**WORK REQUEST:**
Write out each line of the listing as it stands, without the images.

**RECORDS SUPPLIED:**
* * * * *

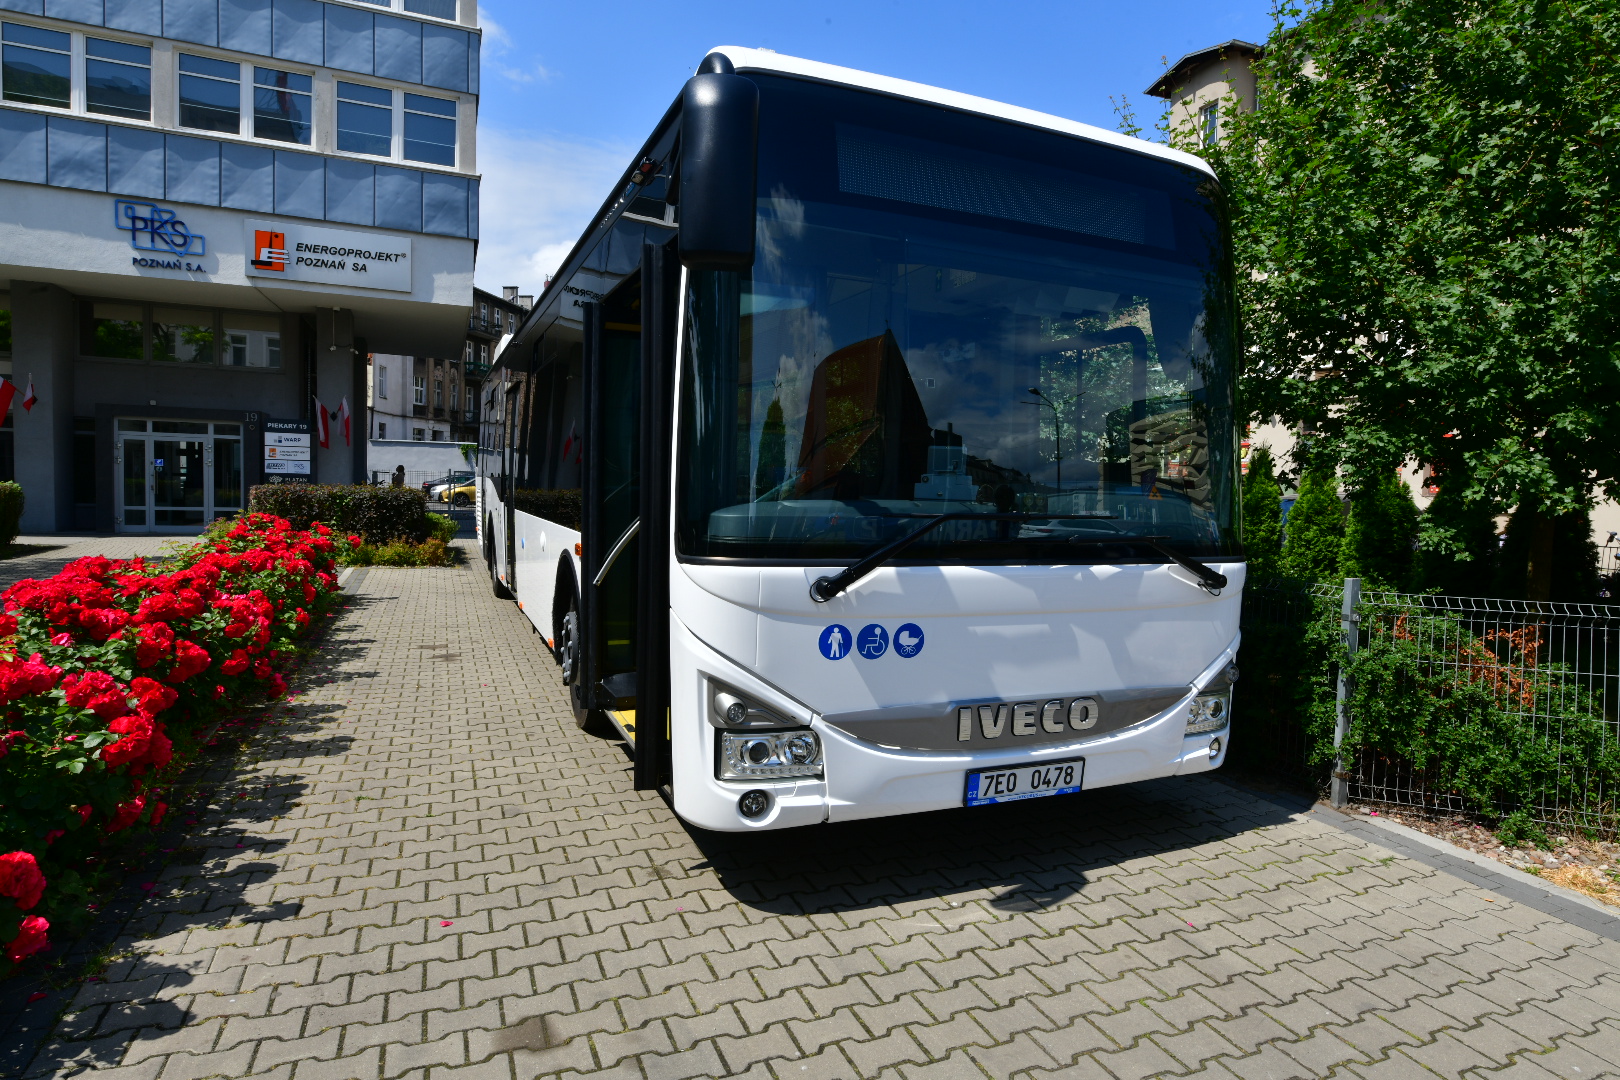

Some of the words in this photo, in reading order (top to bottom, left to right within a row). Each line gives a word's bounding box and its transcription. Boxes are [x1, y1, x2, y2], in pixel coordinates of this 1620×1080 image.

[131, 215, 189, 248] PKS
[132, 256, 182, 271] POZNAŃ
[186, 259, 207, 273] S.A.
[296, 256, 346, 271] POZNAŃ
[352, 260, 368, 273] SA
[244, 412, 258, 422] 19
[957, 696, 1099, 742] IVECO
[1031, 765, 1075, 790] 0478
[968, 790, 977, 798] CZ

* * * * *

**ANSWER SECTION:**
Some of the words in this photo, in reading order (top to bottom, left to right within a row). Each line gives a word's bounding box and its transcription. Boxes are [x1, y1, x2, y2], in pixel coordinates of this 1620×1080 image.

[131, 215, 189, 248] PKS
[132, 256, 182, 271] POZNAŃ
[186, 259, 207, 273] S.A.
[296, 256, 346, 271] POZNAŃ
[352, 260, 368, 273] SA
[244, 412, 258, 422] 19
[957, 696, 1099, 742] IVECO
[1031, 765, 1075, 790] 0478
[968, 790, 977, 798] CZ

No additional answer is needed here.